- [Your objective] Write back every entry exactly as it reads, with the pictures left behind.

======

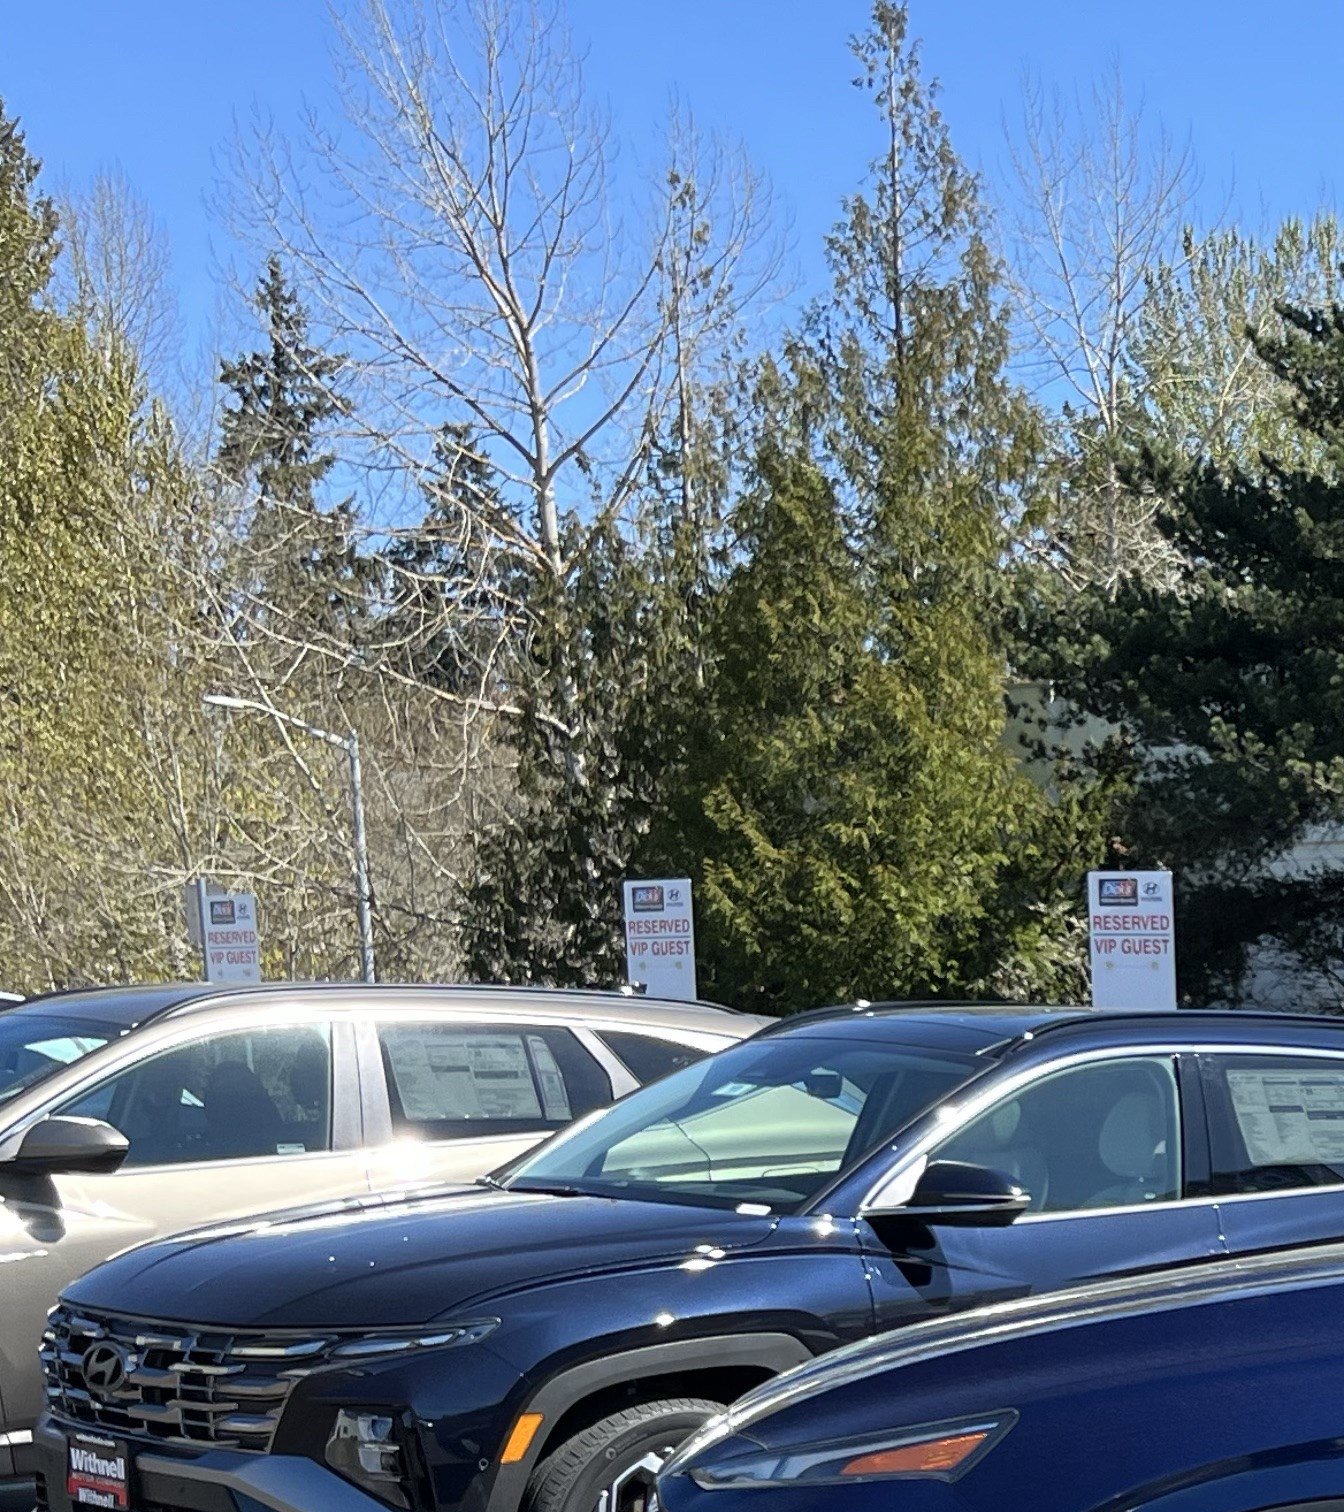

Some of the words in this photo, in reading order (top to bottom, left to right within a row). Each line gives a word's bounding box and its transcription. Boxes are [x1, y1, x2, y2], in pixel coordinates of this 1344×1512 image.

[628, 919, 690, 934] RESERVED
[1092, 915, 1170, 931] RESERVED
[208, 931, 256, 945] RESERVED
[630, 941, 648, 956] VIP
[651, 940, 690, 956] GUEST
[1094, 938, 1117, 955] VIP
[1121, 938, 1170, 955] GUEST
[226, 950, 256, 965] GUEST
[69, 1446, 125, 1480] Withnell

======

- [Finished task]
Some of the words in this photo, in reading order (top to bottom, left to right within a row). Each line gives a word's bounding box and its transcription. Boxes are [x1, y1, x2, y2], in pixel coordinates of this 1344×1512 image.

[628, 919, 690, 934] RESERVED
[1092, 915, 1170, 931] RESERVED
[208, 931, 256, 945] RESERVED
[630, 941, 648, 956] VIP
[651, 940, 690, 956] GUEST
[1094, 938, 1117, 955] VIP
[1121, 938, 1170, 955] GUEST
[226, 950, 256, 965] GUEST
[69, 1446, 125, 1480] Withnell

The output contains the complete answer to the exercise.